Who knows, maybe New York will make Harold Ford, Jr. lean left. But that simply hasn’t been his record, regardless of his protestations in the New York Post, of all papers, today.

Recently, Mr. Ford said he’d “evolved” on gay marriage (“Today” show video), having voted against it in Tennessee, supporting the Defense of Marriage Act, he now supports civil unions and gay marriage.

But on women’s civil rights he’s yet to, using his word, evolve.

After what we’ve seen unravel for women on the health care debate, we cannot afford one new member of the Senate or House who thinks compromising women’s civil rights, the basic freedom to control one’s body, to be bargained away further. Speaker Pelosi and the Democratic leadership, including Pres. Obama who remained mute, have done enough damage, with their compromises on our rights about to become law in sweeping health care legislation that backtracks on what’s already been won in law, going back to 1963, well before Roe v. Wade.

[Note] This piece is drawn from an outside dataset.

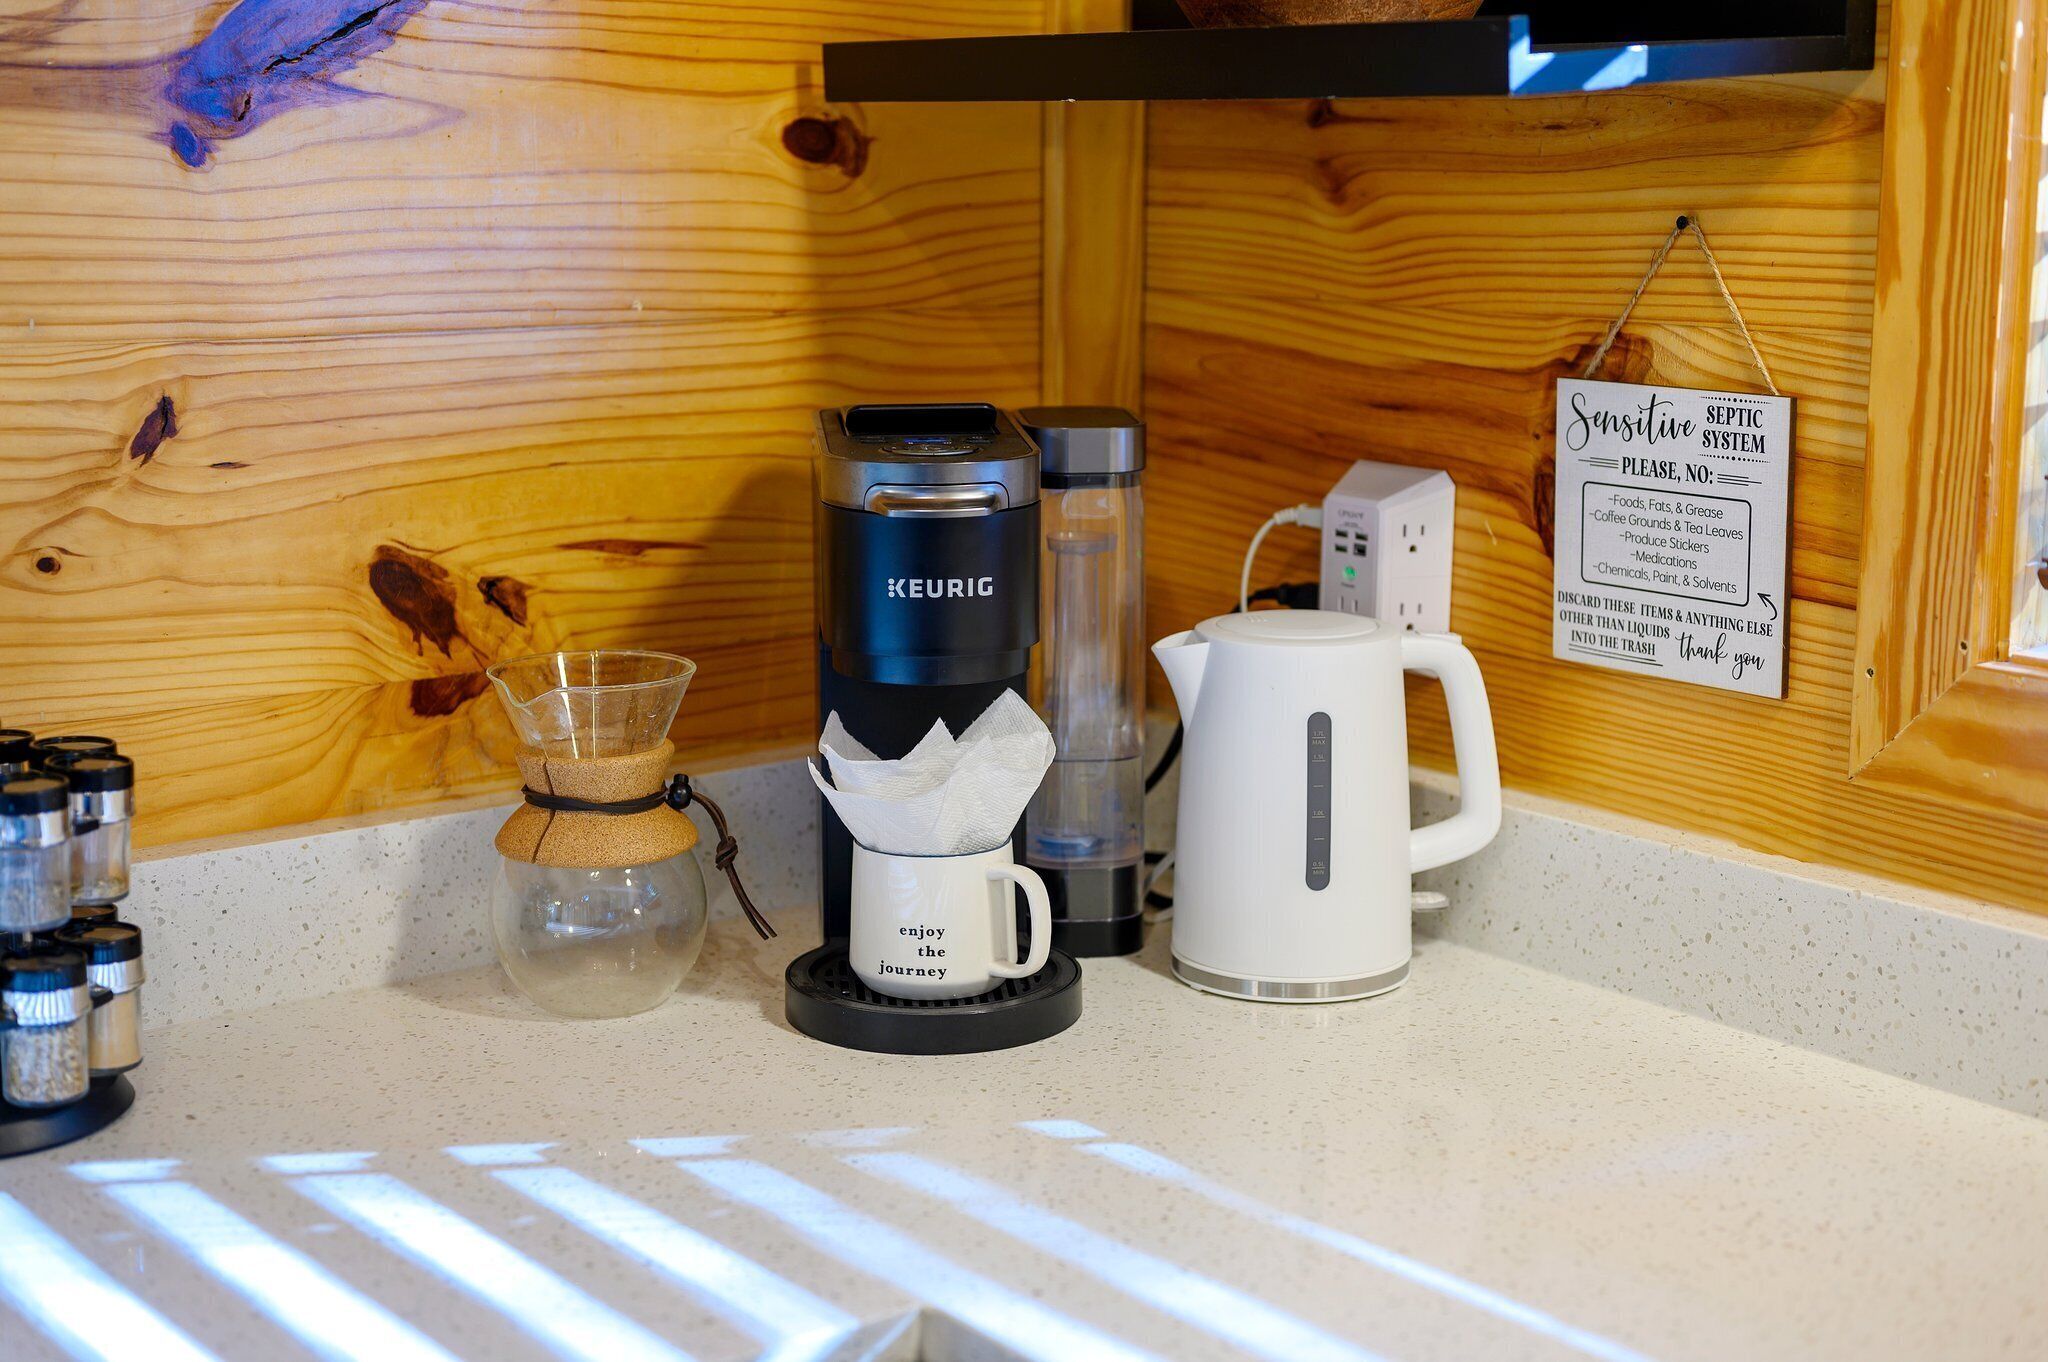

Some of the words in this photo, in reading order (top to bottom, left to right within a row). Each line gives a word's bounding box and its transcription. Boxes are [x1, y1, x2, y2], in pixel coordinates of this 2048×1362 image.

Via the New York Post, where Ford says his piece today:

It’s true: I am strongly considering running for the United States Senate.

I do so because our best as a nation has always come when we test our ideas and ourselves, and when we trust competition to refine the steel of our convictions and the truth of our arguments.

Some have already questioned whether I should be running.

Others are falsifying my record in public life.

New Yorkers deserve a free election. …

This is obviously up to New Yorkers. It’s an important race and even though I’m not an advocate for any candidate and won’t be, it’s clear that there is much at stake.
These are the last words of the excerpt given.